• Data records:
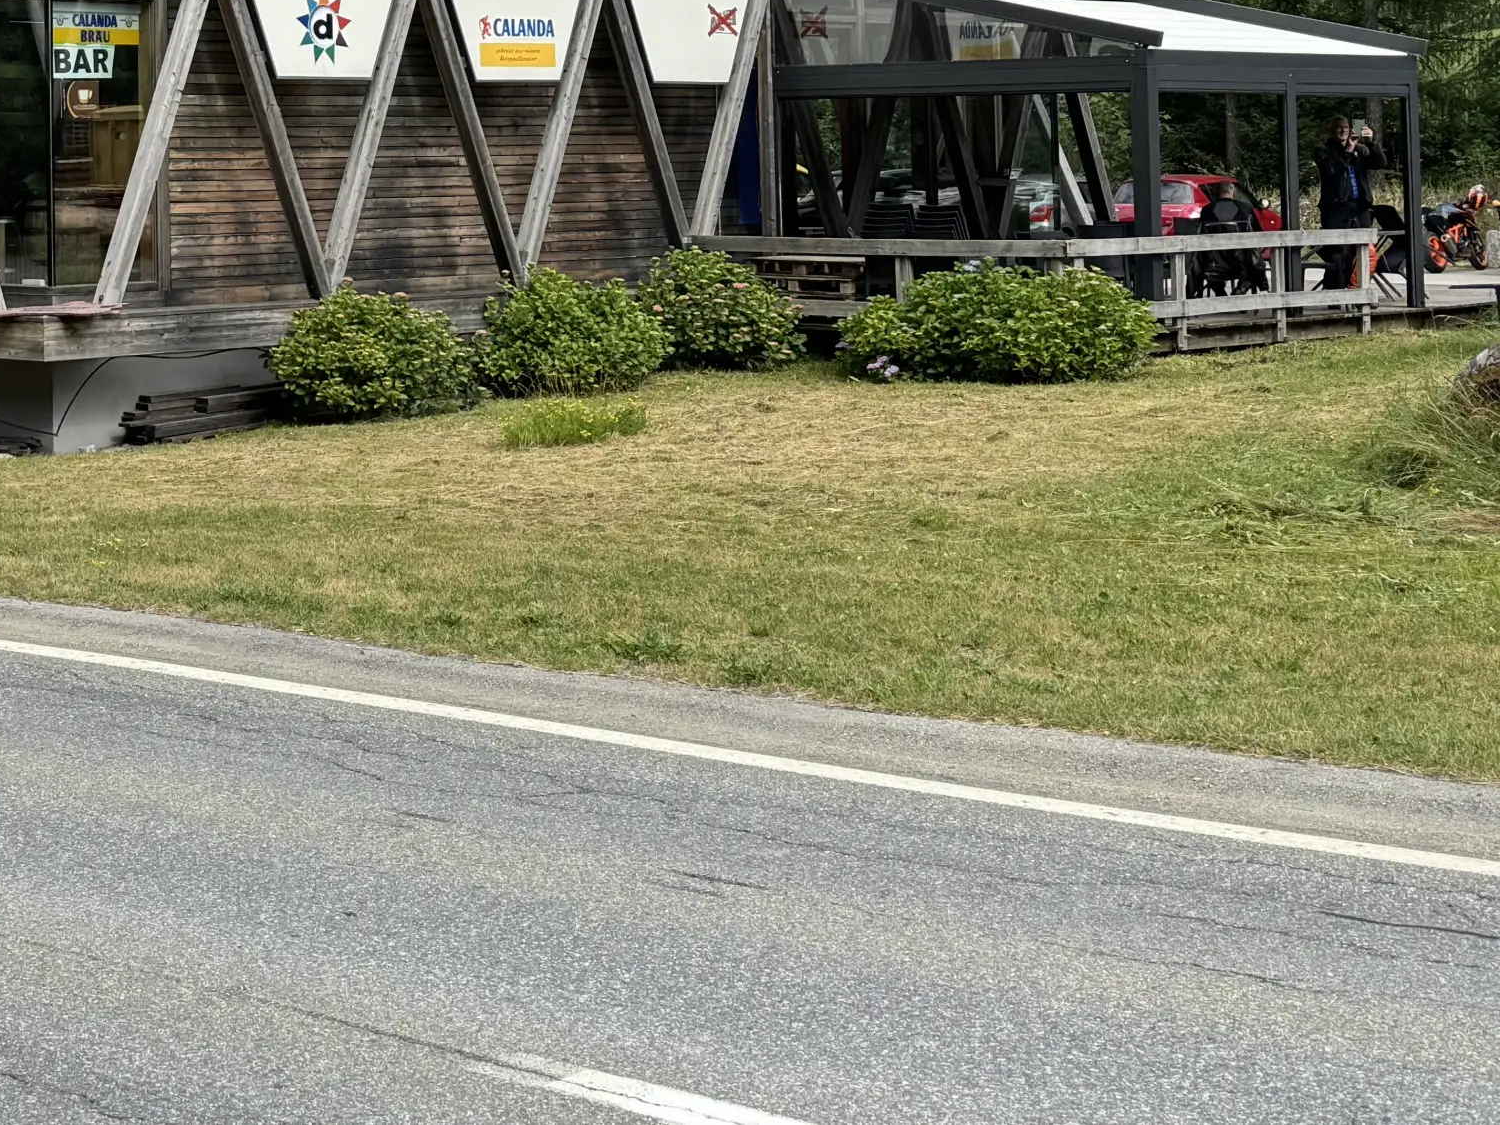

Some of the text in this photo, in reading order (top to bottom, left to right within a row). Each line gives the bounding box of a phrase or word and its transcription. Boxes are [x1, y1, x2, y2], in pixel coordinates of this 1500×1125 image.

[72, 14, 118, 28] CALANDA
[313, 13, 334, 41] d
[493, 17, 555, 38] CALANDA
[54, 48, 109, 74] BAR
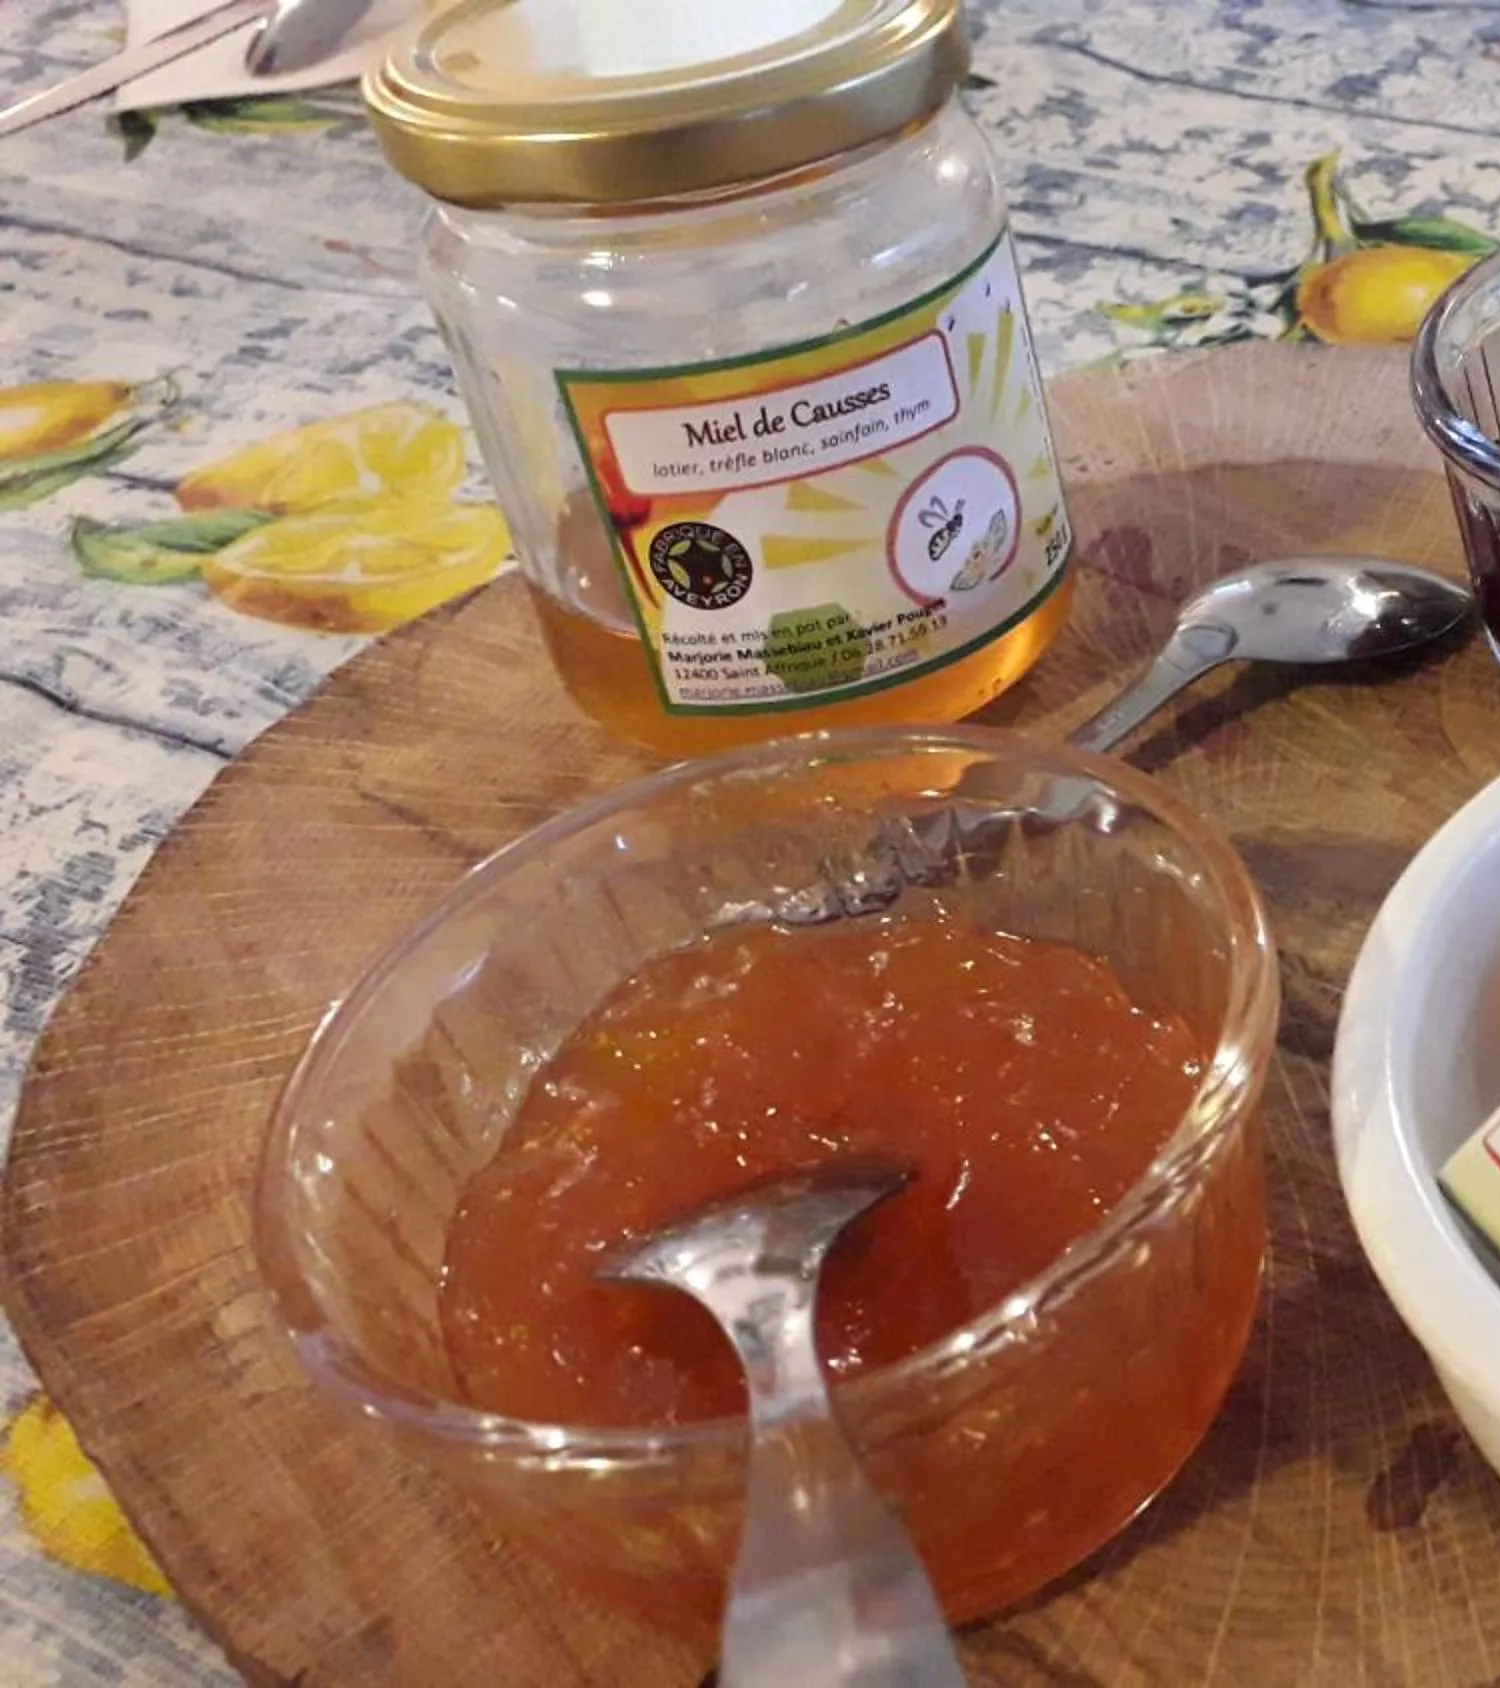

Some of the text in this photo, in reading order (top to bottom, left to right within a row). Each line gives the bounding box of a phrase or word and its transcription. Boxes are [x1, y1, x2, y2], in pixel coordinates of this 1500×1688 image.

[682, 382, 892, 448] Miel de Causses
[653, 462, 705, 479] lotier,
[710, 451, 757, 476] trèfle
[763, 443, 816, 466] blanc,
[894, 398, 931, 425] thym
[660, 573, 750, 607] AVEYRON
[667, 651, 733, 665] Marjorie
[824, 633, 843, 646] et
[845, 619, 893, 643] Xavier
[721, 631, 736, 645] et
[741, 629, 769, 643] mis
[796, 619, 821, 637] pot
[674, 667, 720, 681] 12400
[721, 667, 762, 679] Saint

• Exercise:
Without including any picture, output all the material exactly as it appears.

• Response:
Some of the text in this photo, in reading order (top to bottom, left to right within a row). Each line gives the bounding box of a phrase or word and its transcription. Boxes are [x1, y1, x2, y2], in pixel coordinates of this 1500×1125 image.

[72, 14, 118, 28] CALANDA
[313, 13, 334, 41] d
[493, 17, 555, 38] CALANDA
[54, 48, 109, 74] BAR

Some of the text in this photo, in reading order (top to bottom, left to right within a row). Each line gives the bounding box of a phrase or word and its transcription. Boxes are [x1, y1, x2, y2], in pixel coordinates of this 1500×1688 image.

[682, 382, 892, 448] Miel de Causses
[653, 462, 705, 479] lotier,
[710, 451, 757, 476] trèfle
[763, 443, 816, 466] blanc,
[894, 398, 931, 425] thym
[660, 573, 750, 607] AVEYRON
[667, 651, 733, 665] Marjorie
[824, 633, 843, 646] et
[845, 619, 893, 643] Xavier
[721, 631, 736, 645] et
[741, 629, 769, 643] mis
[796, 619, 821, 637] pot
[674, 667, 720, 681] 12400
[721, 667, 762, 679] Saint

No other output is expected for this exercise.